• **Material to process**:
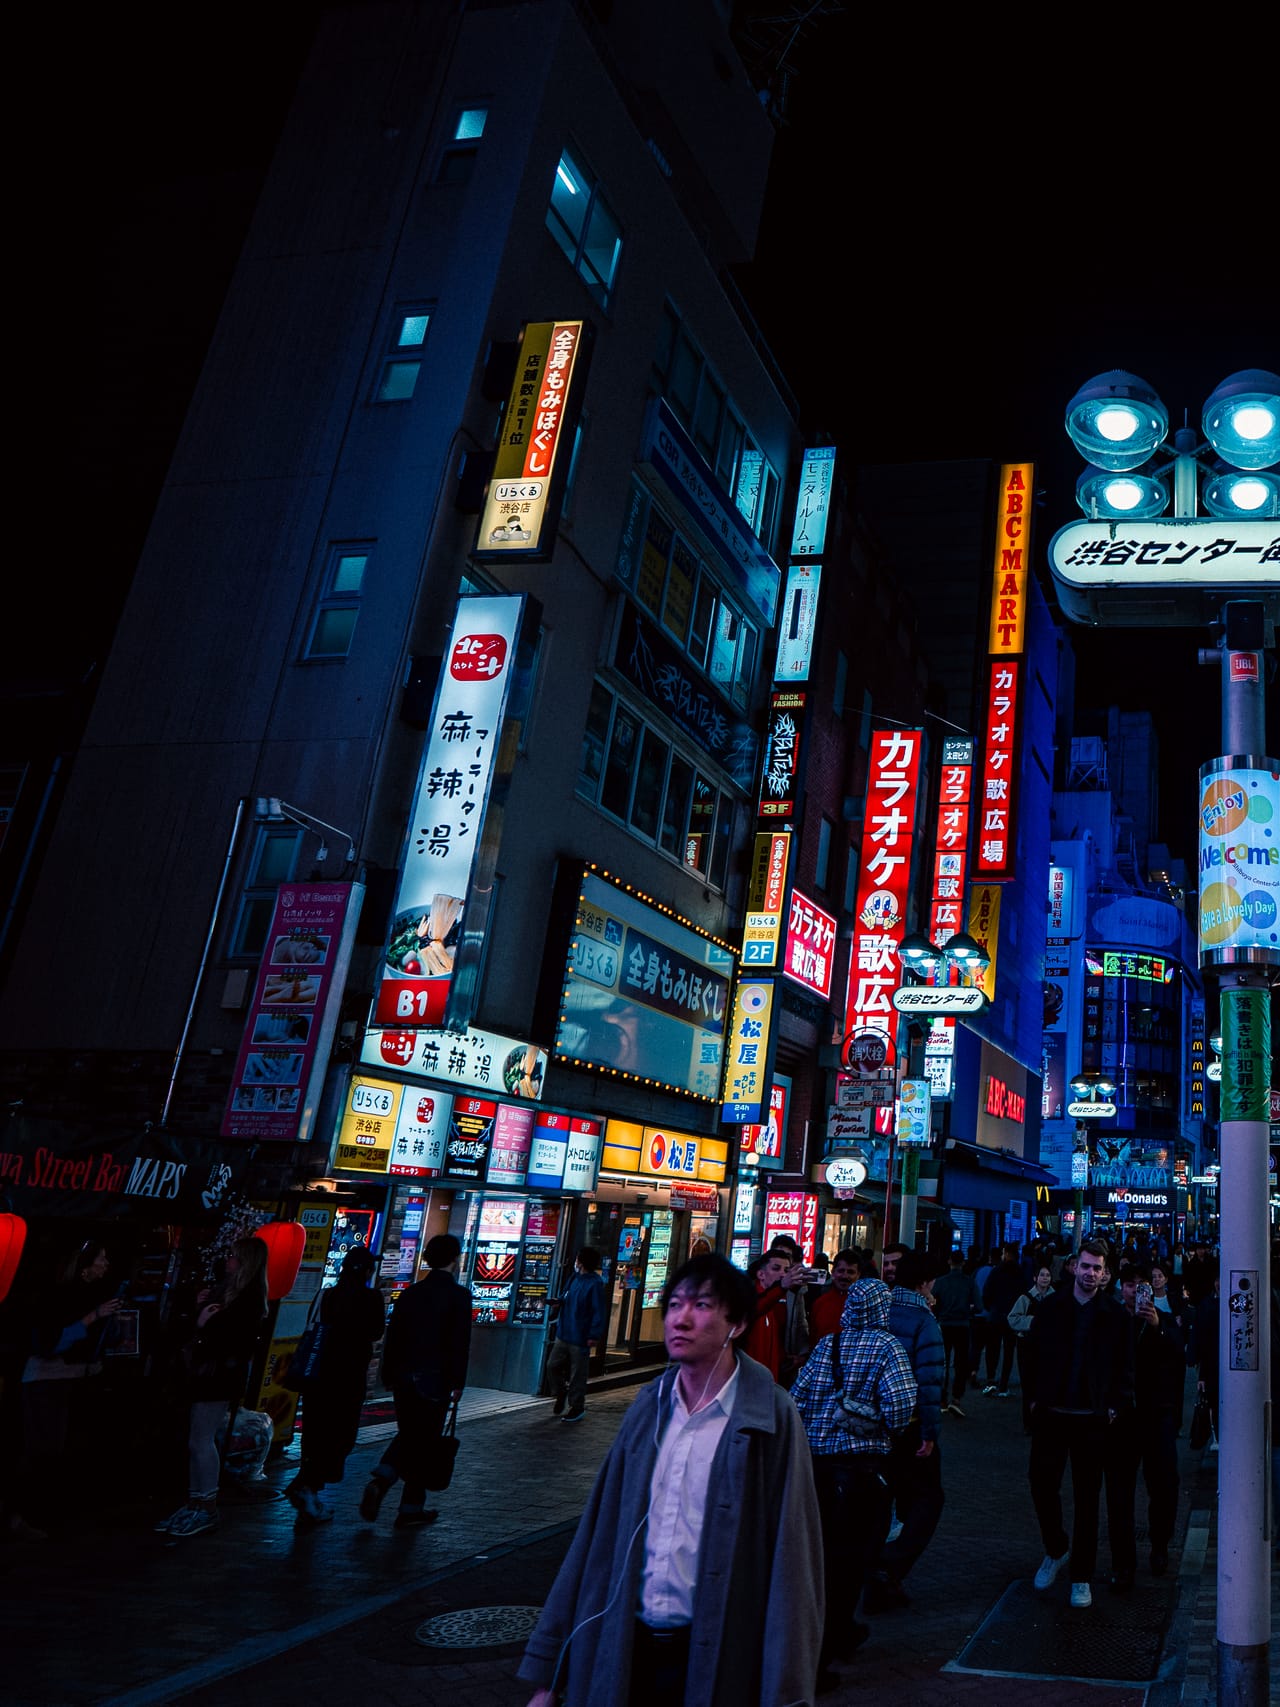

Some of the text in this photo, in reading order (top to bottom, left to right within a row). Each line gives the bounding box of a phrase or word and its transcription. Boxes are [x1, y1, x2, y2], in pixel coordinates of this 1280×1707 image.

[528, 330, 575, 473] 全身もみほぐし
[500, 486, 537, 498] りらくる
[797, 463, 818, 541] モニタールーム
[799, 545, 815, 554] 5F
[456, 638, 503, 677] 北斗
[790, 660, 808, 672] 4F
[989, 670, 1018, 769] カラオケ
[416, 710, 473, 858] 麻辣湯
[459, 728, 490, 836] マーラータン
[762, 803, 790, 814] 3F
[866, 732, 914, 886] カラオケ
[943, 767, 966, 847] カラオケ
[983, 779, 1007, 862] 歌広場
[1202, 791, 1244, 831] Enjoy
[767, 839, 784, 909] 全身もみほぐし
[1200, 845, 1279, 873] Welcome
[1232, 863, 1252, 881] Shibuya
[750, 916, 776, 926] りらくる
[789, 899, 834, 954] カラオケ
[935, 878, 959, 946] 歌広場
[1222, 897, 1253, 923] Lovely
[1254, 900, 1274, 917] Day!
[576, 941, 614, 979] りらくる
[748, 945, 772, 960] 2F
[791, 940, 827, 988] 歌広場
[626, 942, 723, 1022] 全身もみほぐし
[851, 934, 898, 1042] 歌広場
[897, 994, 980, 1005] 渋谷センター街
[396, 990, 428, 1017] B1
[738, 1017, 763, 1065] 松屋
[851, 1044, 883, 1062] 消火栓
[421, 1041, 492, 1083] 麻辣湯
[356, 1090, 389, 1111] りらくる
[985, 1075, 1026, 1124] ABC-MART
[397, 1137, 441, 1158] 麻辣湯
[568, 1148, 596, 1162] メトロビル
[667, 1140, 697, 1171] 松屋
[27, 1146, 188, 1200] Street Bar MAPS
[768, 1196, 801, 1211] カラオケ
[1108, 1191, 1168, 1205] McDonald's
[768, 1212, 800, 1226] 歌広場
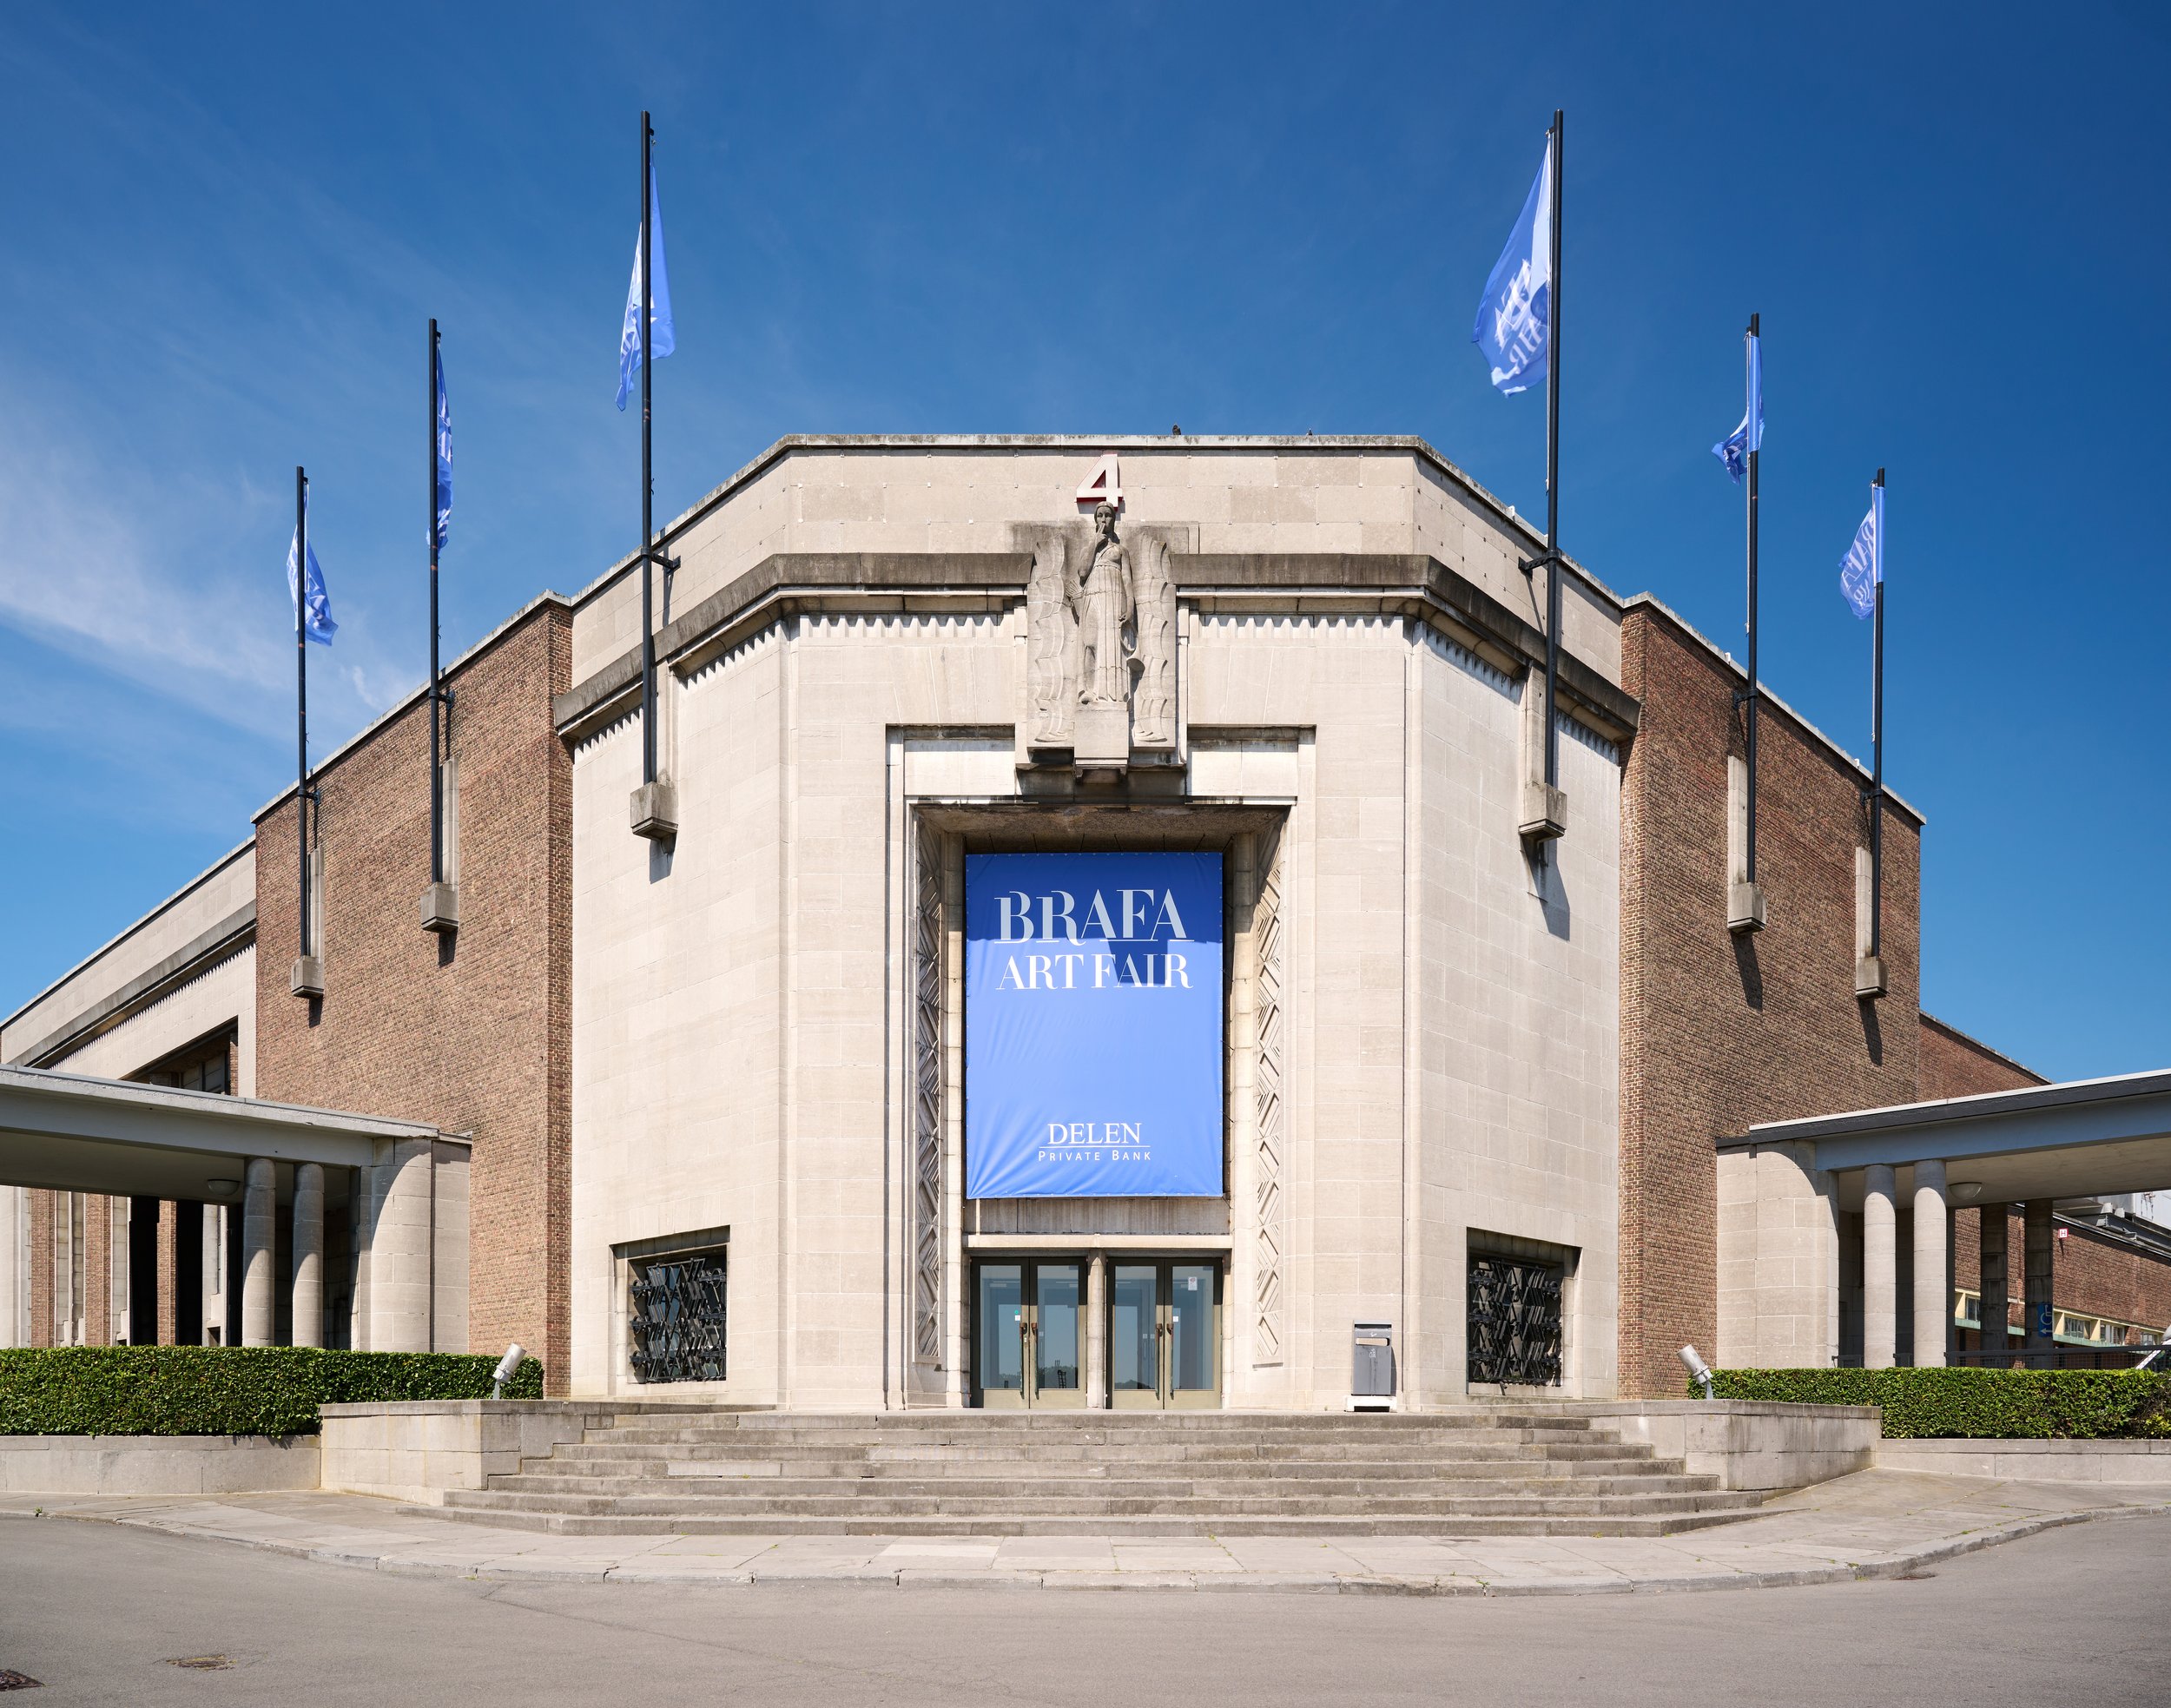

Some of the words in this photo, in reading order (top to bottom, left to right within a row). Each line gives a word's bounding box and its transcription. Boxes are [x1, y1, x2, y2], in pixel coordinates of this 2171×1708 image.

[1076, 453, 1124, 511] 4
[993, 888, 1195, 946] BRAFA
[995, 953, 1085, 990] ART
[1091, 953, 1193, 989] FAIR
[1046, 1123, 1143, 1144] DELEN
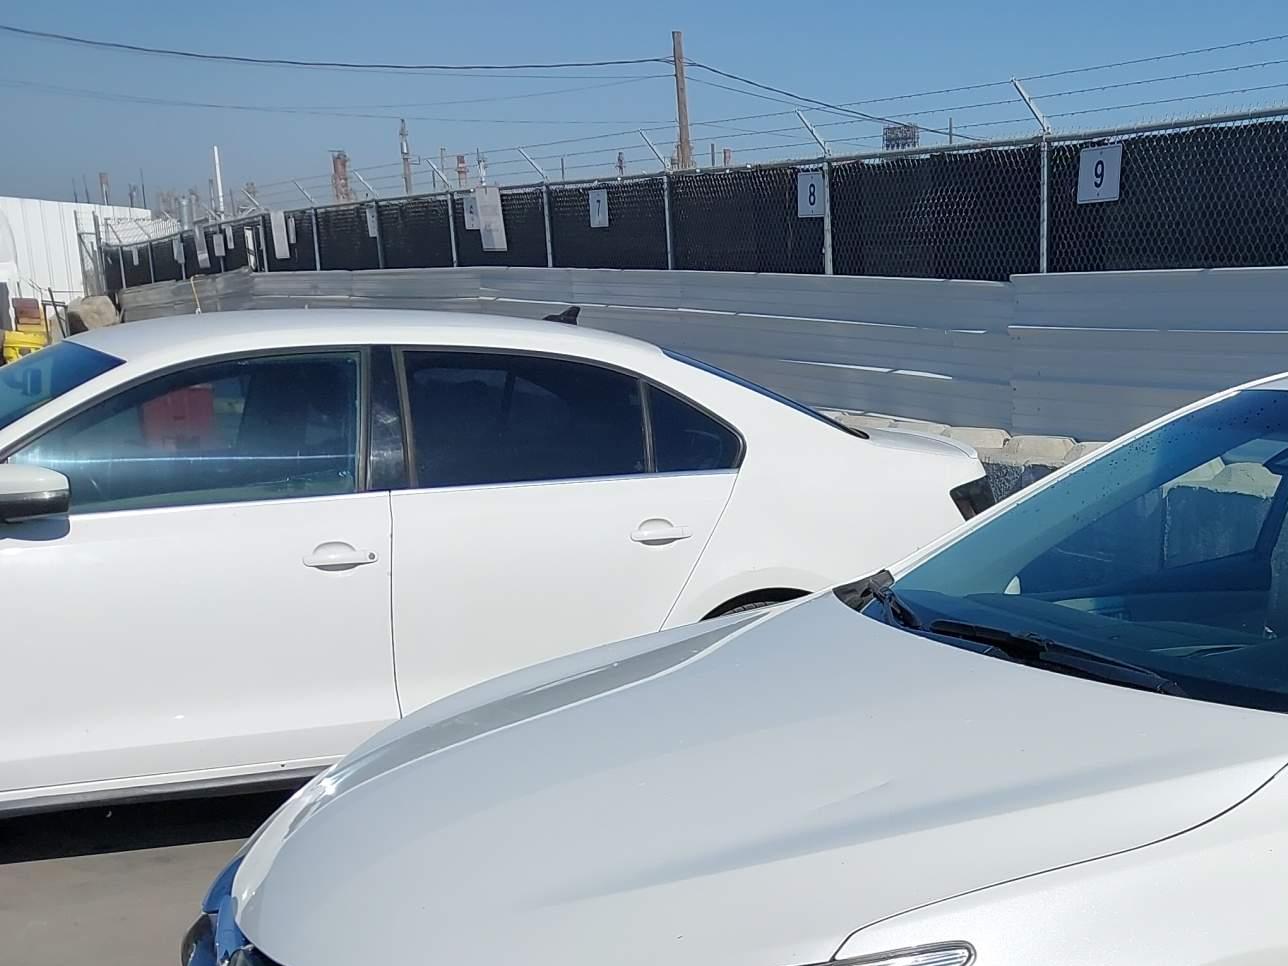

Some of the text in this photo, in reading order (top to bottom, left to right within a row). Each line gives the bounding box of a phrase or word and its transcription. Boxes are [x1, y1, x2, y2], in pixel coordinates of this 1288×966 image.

• **Problem details**: Could you please write out the entries exactly as they are, with every picture left out?

• **Answer for the task**:
Some of the text in this photo, in reading order (top to bottom, left to right within a row). Each line gives the bounding box of a phrase or word and its transcription. Boxes are [x1, y1, x2, y2], in pixel coordinates of this 1280×1707 image.

[528, 330, 575, 473] 全身もみほぐし
[500, 486, 537, 498] りらくる
[797, 463, 818, 541] モニタールーム
[799, 545, 815, 554] 5F
[456, 638, 503, 677] 北斗
[790, 660, 808, 672] 4F
[989, 670, 1018, 769] カラオケ
[416, 710, 473, 858] 麻辣湯
[459, 728, 490, 836] マーラータン
[762, 803, 790, 814] 3F
[866, 732, 914, 886] カラオケ
[943, 767, 966, 847] カラオケ
[983, 779, 1007, 862] 歌広場
[1202, 791, 1244, 831] Enjoy
[767, 839, 784, 909] 全身もみほぐし
[1200, 845, 1279, 873] Welcome
[1232, 863, 1252, 881] Shibuya
[750, 916, 776, 926] りらくる
[789, 899, 834, 954] カラオケ
[935, 878, 959, 946] 歌広場
[1222, 897, 1253, 923] Lovely
[1254, 900, 1274, 917] Day!
[576, 941, 614, 979] りらくる
[748, 945, 772, 960] 2F
[791, 940, 827, 988] 歌広場
[626, 942, 723, 1022] 全身もみほぐし
[851, 934, 898, 1042] 歌広場
[897, 994, 980, 1005] 渋谷センター街
[396, 990, 428, 1017] B1
[738, 1017, 763, 1065] 松屋
[851, 1044, 883, 1062] 消火栓
[421, 1041, 492, 1083] 麻辣湯
[356, 1090, 389, 1111] りらくる
[985, 1075, 1026, 1124] ABC-MART
[397, 1137, 441, 1158] 麻辣湯
[568, 1148, 596, 1162] メトロビル
[667, 1140, 697, 1171] 松屋
[27, 1146, 188, 1200] Street Bar MAPS
[768, 1196, 801, 1211] カラオケ
[1108, 1191, 1168, 1205] McDonald's
[768, 1212, 800, 1226] 歌広場

Some of the words in this photo, in reading order (top to bottom, left to right within a row). Each line gives a word's bounding box and its transcription. Boxes are [x1, y1, x2, y2], in pixel coordinates of this 2171×1708 image.

[1076, 453, 1124, 511] 4
[993, 888, 1195, 946] BRAFA
[995, 953, 1085, 990] ART
[1091, 953, 1193, 989] FAIR
[1046, 1123, 1143, 1144] DELEN

Some of the text in this photo, in reading order (top to bottom, left to right within a row). Each line gives the bounding box of a phrase or word and its transcription. Boxes are [x1, y1, x2, y2], in pixel coordinates of this 1288×966 image.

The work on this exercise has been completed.